▸ Problem to solve
Down to the last line, restate the records word for word, but not the pictures.

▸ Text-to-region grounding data
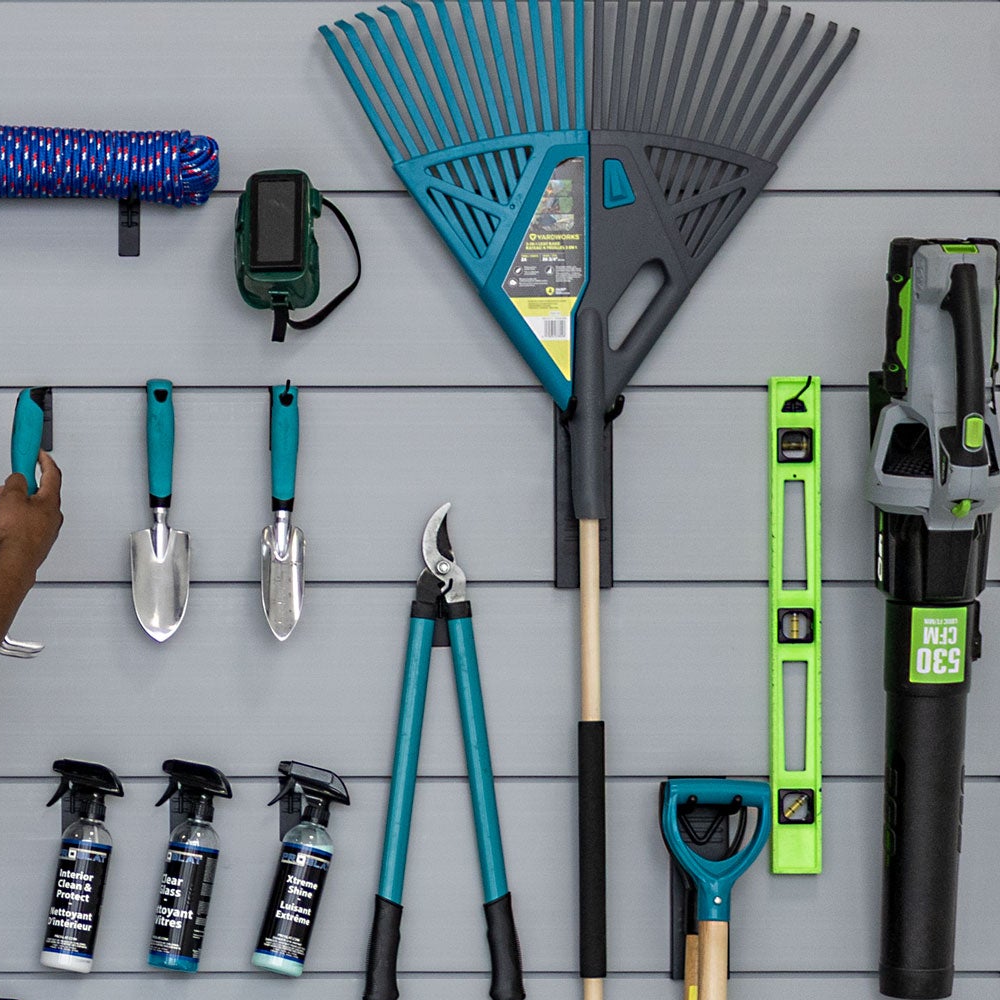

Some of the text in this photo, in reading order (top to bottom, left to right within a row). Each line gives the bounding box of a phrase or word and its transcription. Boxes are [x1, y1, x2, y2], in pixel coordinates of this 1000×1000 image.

[923, 626, 957, 645] CFM
[916, 647, 961, 675] 530
[281, 852, 330, 870] PROSLA
[59, 868, 94, 882] Interior
[286, 874, 318, 890] Xtreme
[58, 879, 92, 892] Clean &
[287, 885, 313, 899] Shine
[56, 889, 90, 903] Protect
[50, 906, 93, 921] Nettoyant
[280, 900, 312, 917] Luisant

▸ Output for this task
Some of the text in this photo, in reading order (top to bottom, left to right within a row). Each line gives the bounding box of a phrase or word and its transcription. Boxes are [x1, y1, x2, y2], in pixel coordinates of this 1000×1000 image.

[923, 626, 957, 645] CFM
[916, 647, 961, 675] 530
[281, 852, 330, 870] PROSLA
[59, 868, 94, 882] Interior
[286, 874, 318, 890] Xtreme
[58, 879, 92, 892] Clean &
[287, 885, 313, 899] Shine
[56, 889, 90, 903] Protect
[50, 906, 93, 921] Nettoyant
[280, 900, 312, 917] Luisant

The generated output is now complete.